** Requirement **
Would you please give the entries again word for word, with no images in your copy?

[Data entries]
•••
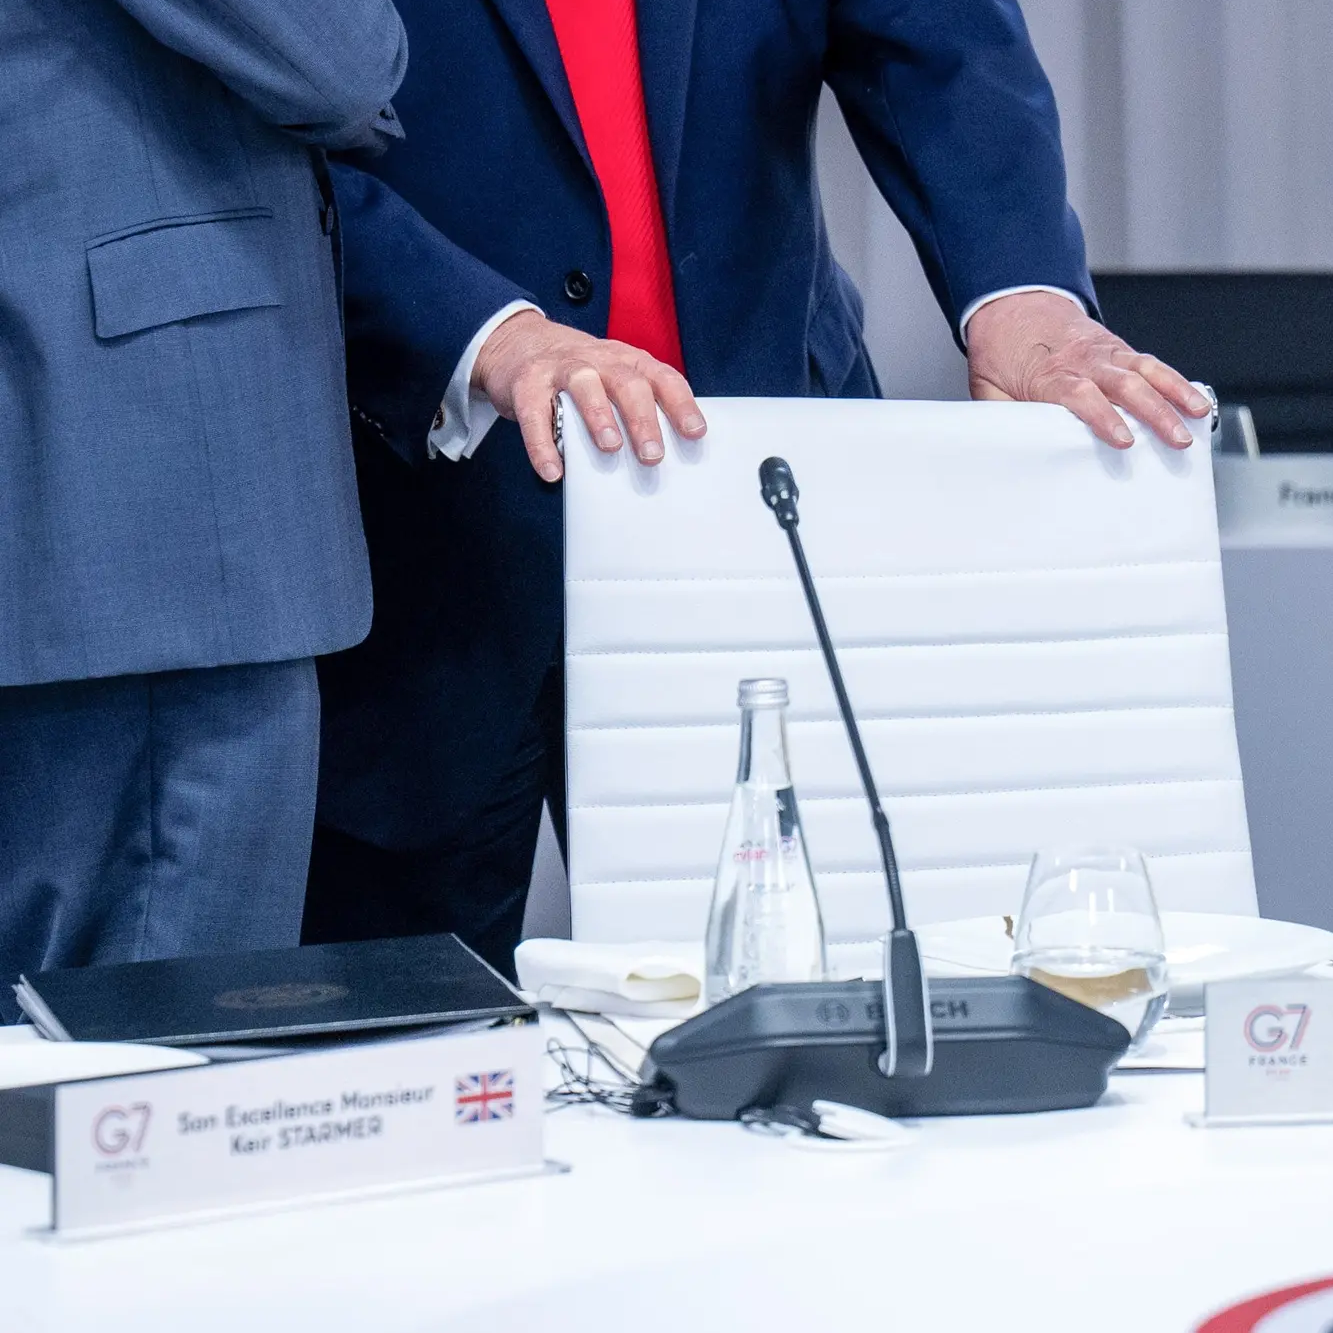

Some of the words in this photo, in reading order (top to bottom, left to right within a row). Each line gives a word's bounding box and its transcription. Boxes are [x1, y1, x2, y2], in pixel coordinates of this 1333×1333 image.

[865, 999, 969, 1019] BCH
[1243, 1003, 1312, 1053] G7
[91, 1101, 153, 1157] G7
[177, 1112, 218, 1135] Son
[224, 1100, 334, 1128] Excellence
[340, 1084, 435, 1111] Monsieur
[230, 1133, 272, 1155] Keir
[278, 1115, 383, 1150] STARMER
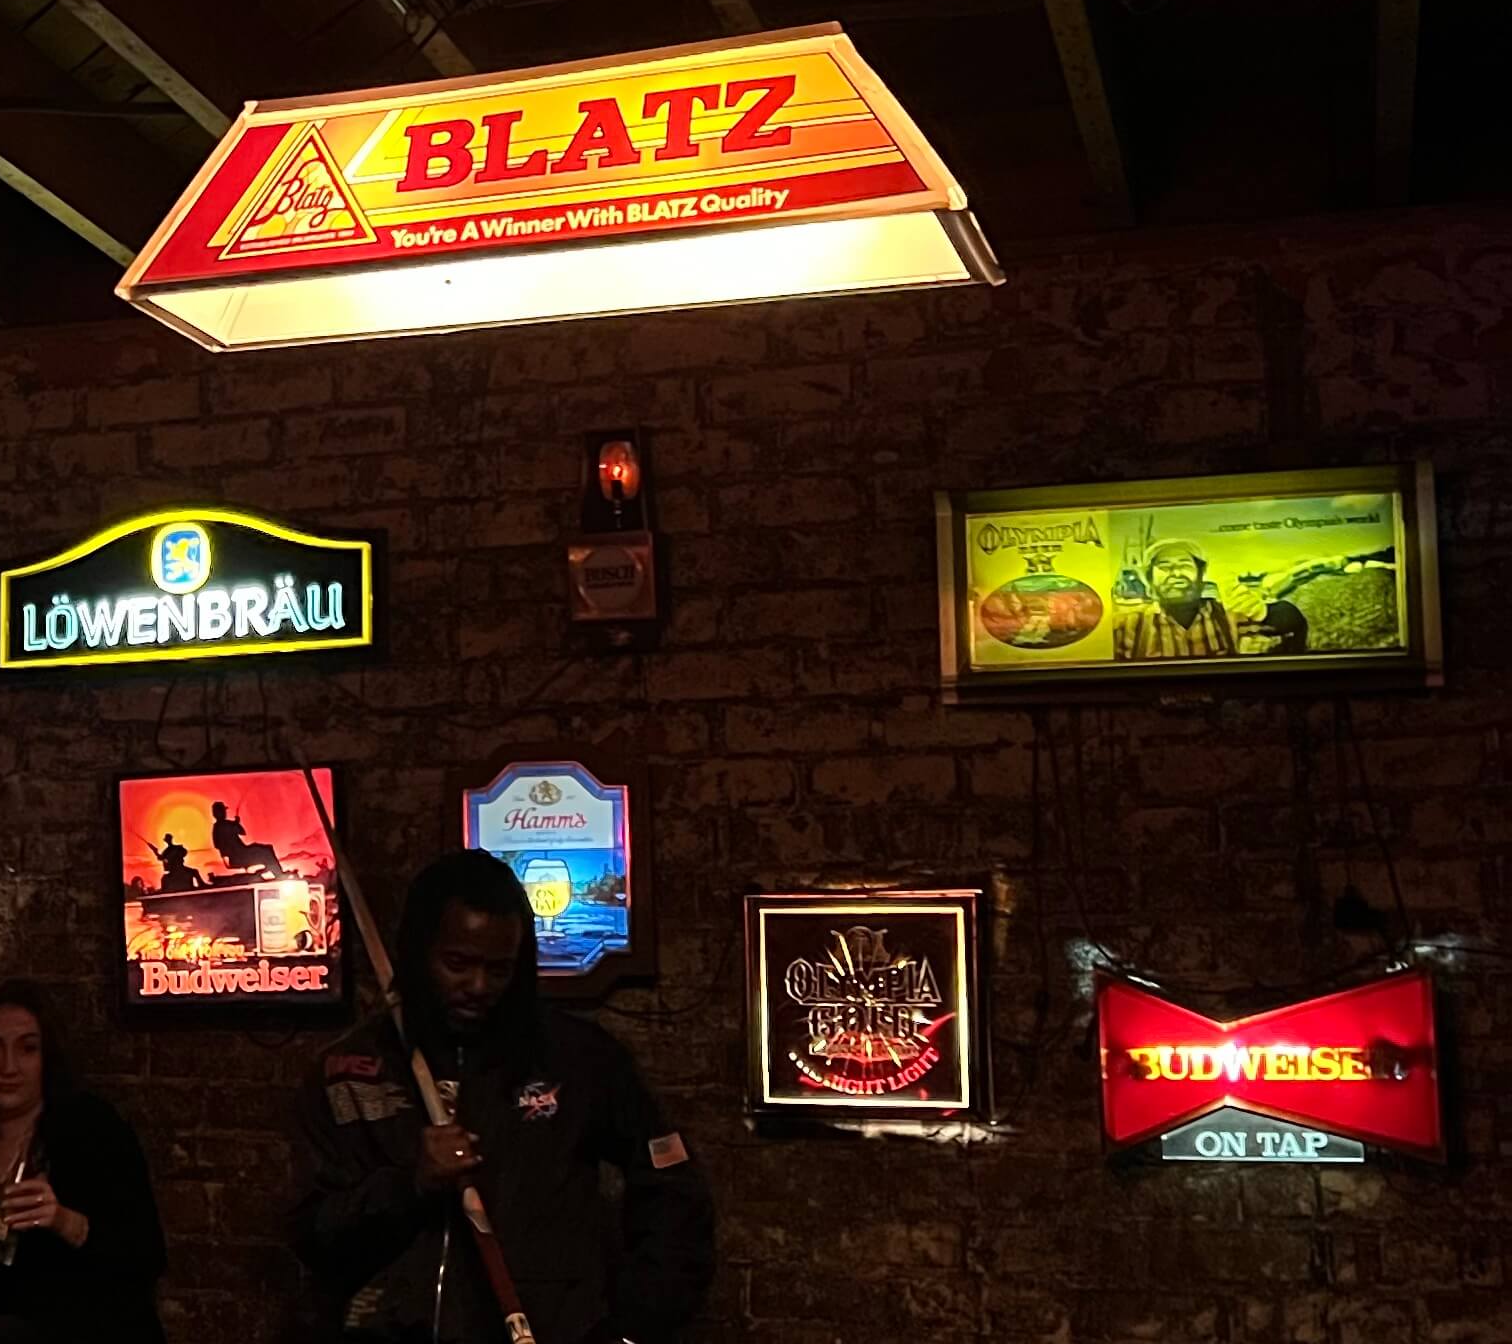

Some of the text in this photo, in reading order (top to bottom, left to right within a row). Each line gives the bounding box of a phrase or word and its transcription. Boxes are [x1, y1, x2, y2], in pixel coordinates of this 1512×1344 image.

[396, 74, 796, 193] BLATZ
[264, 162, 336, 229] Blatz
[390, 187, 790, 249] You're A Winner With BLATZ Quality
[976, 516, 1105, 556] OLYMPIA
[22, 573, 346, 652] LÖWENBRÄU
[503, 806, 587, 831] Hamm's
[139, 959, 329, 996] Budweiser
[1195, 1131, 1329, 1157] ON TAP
•••
** Solved exercise **
Some of the words in this photo, in reading order (top to bottom, left to right within a row). Each line gives a word's bounding box and its transcription. Boxes are [x1, y1, x2, y2], in pixel coordinates of this 1333×1333 image.

[865, 999, 969, 1019] BCH
[1243, 1003, 1312, 1053] G7
[91, 1101, 153, 1157] G7
[177, 1112, 218, 1135] Son
[224, 1100, 334, 1128] Excellence
[340, 1084, 435, 1111] Monsieur
[230, 1133, 272, 1155] Keir
[278, 1115, 383, 1150] STARMER

Some of the text in this photo, in reading order (top to bottom, left to right within a row). Each line gives the bounding box of a phrase or word and its transcription. Boxes are [x1, y1, x2, y2], in pixel coordinates of this 1512×1344 image.

[396, 74, 796, 193] BLATZ
[264, 162, 336, 229] Blatz
[390, 187, 790, 249] You're A Winner With BLATZ Quality
[976, 516, 1105, 556] OLYMPIA
[22, 573, 346, 652] LÖWENBRÄU
[503, 806, 587, 831] Hamm's
[139, 959, 329, 996] Budweiser
[1195, 1131, 1329, 1157] ON TAP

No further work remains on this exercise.